Action item => With pictures removed, output every record below exactly as written.

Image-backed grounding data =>
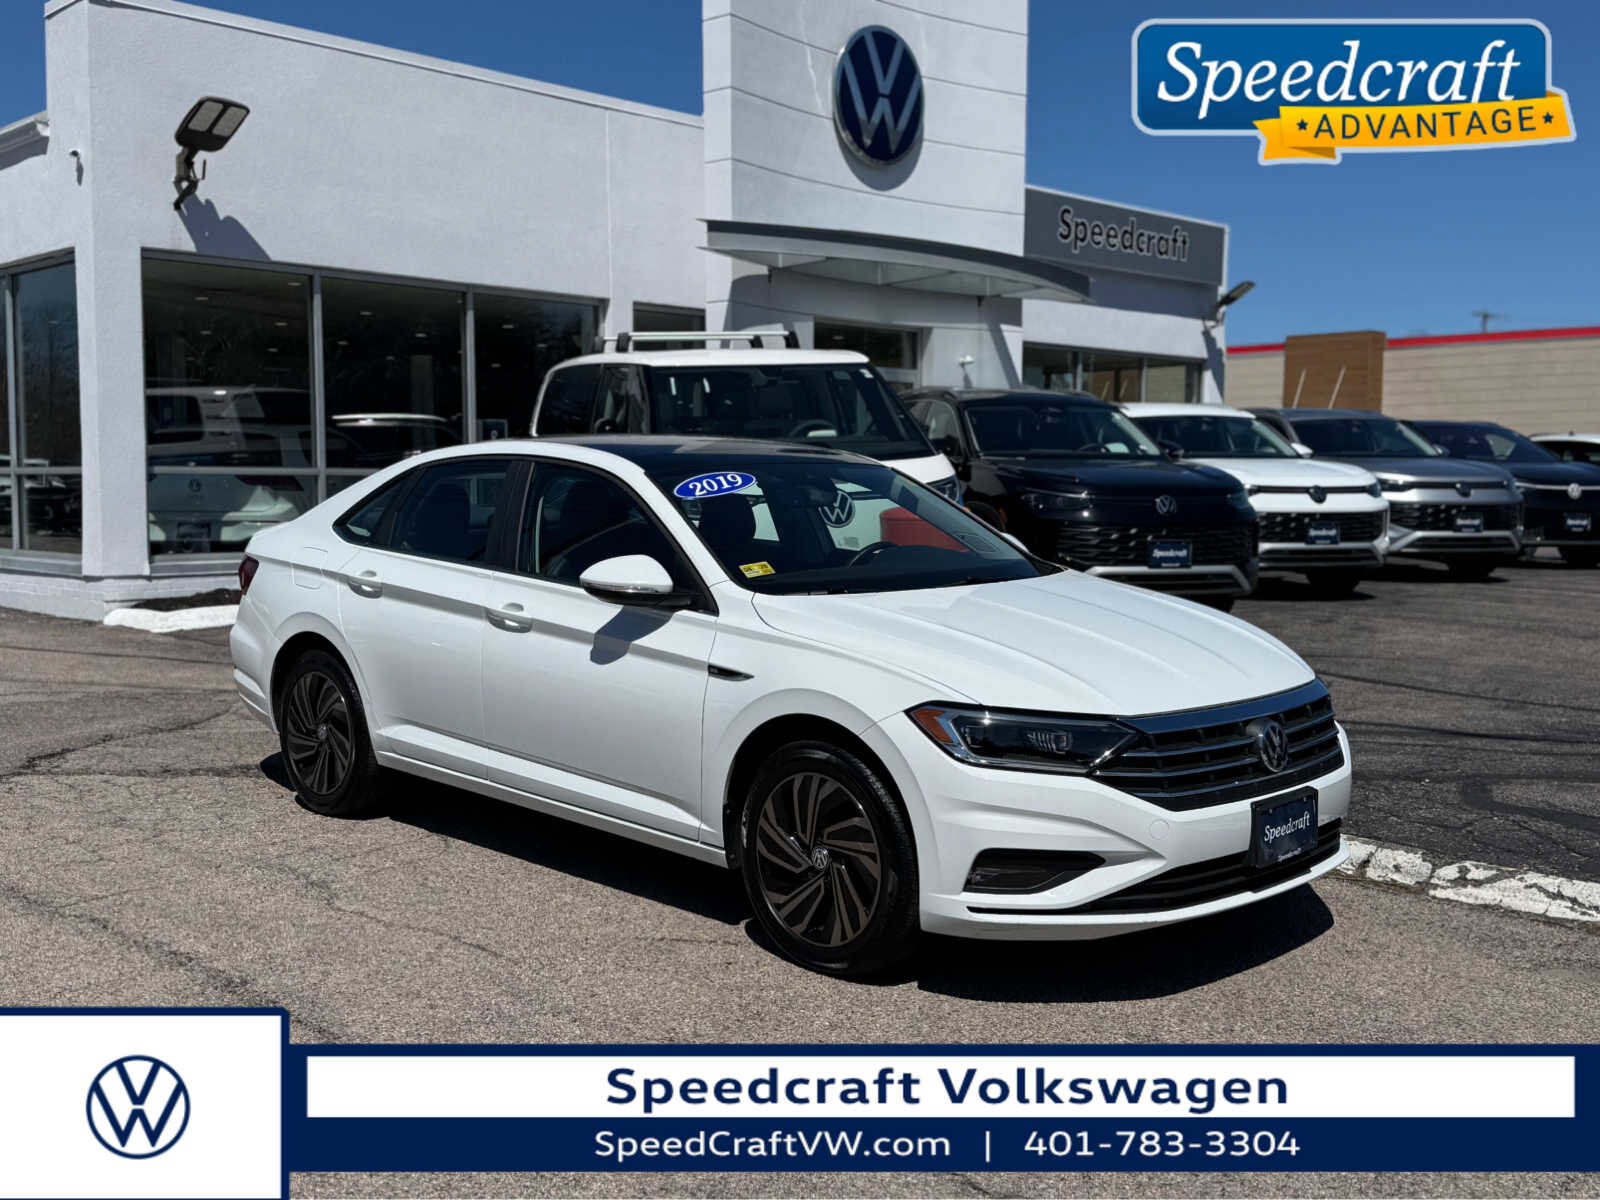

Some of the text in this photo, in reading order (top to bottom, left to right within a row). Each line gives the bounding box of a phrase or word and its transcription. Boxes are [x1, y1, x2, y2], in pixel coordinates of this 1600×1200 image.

[1057, 205, 1189, 261] Speedcraft
[688, 473, 743, 497] 2019
[1263, 811, 1310, 844] Speedcraft
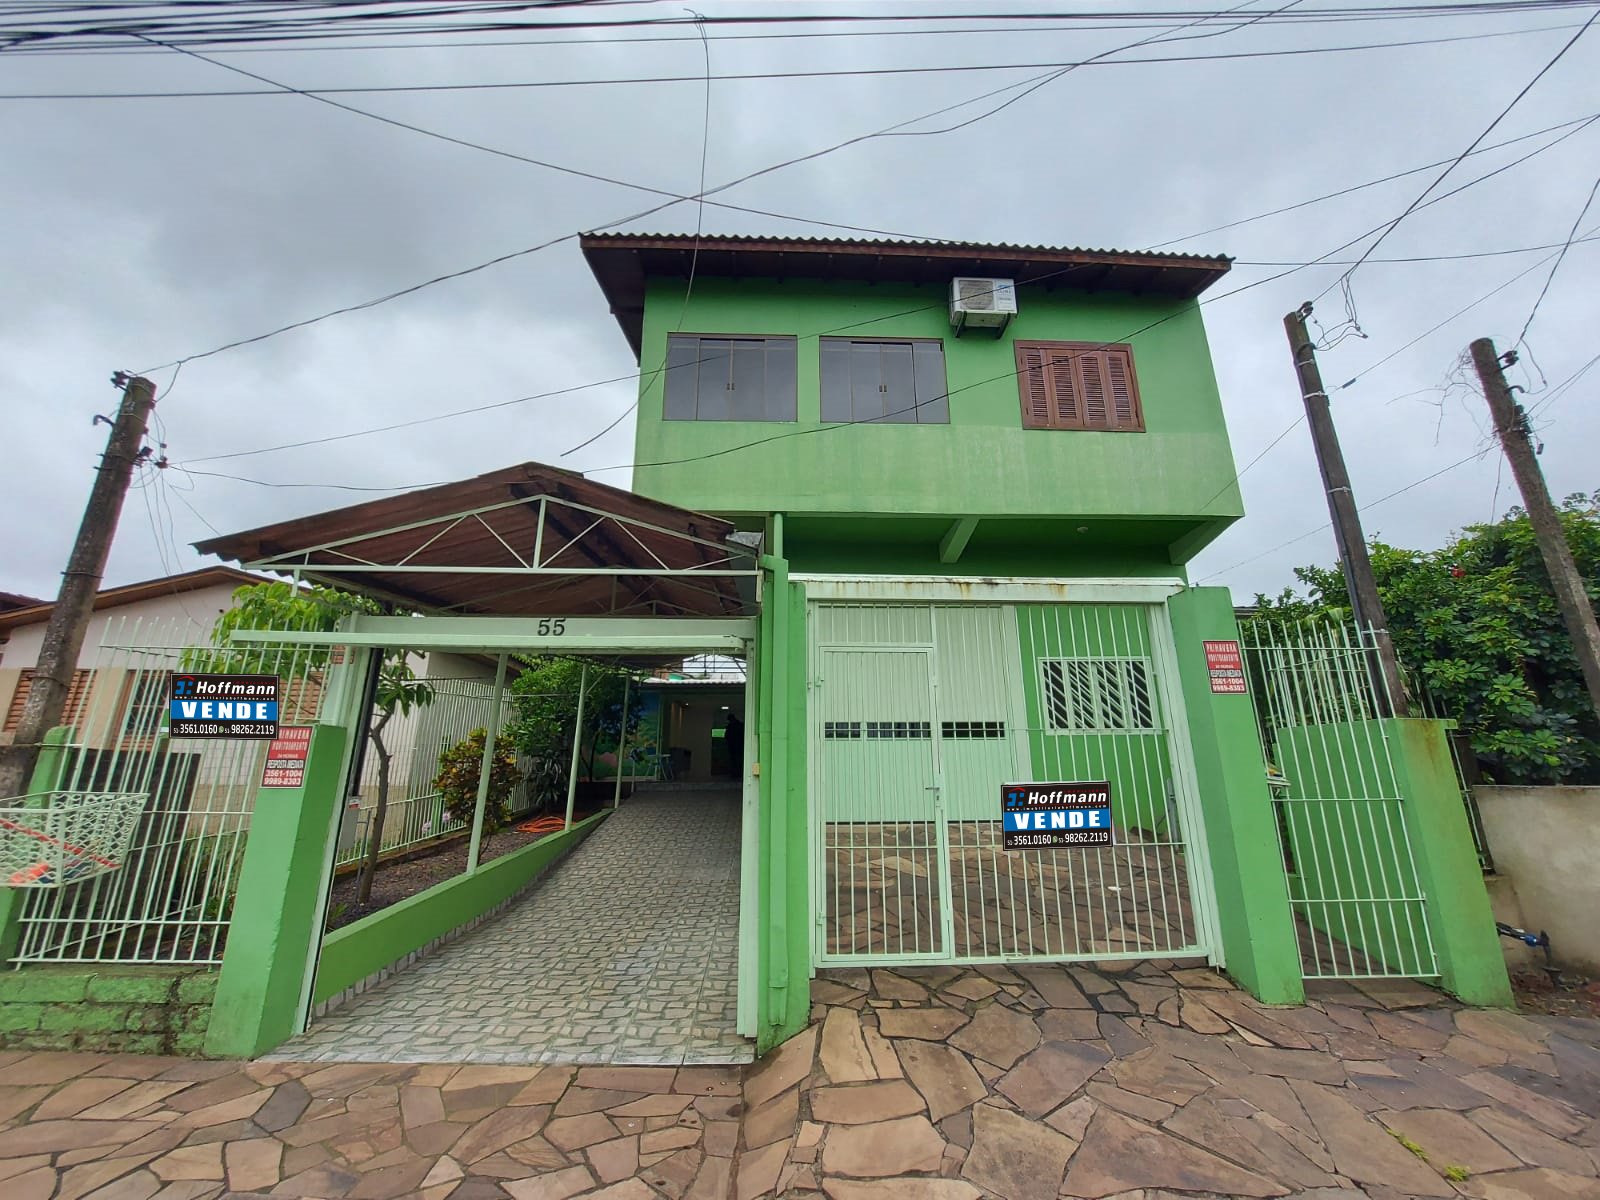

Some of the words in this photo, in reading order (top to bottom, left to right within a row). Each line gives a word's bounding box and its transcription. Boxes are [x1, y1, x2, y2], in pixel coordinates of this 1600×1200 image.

[537, 617, 566, 636] 55
[196, 681, 275, 695] Hoffmann
[181, 701, 268, 720] VENDE
[264, 769, 304, 777] 3561-1004
[1028, 791, 1107, 805] Hoffmann
[1014, 810, 1101, 830] VENDE

Answer box =>
Some of the text in this photo, in reading order (top to bottom, left to right within a row). Each line gives the bounding box of a phrase or word and its transcription. Boxes are [x1, y1, x2, y2], in pixel coordinates of this 1600×1200 image.

[1057, 205, 1189, 261] Speedcraft
[688, 473, 743, 497] 2019
[1263, 811, 1310, 844] Speedcraft

Some of the words in this photo, in reading order (top to bottom, left to right within a row). Each line gives a word's bounding box and its transcription. Boxes are [x1, y1, x2, y2], in pixel coordinates of this 1600×1200 image.

[537, 617, 566, 636] 55
[196, 681, 275, 695] Hoffmann
[181, 701, 268, 720] VENDE
[264, 769, 304, 777] 3561-1004
[1028, 791, 1107, 805] Hoffmann
[1014, 810, 1101, 830] VENDE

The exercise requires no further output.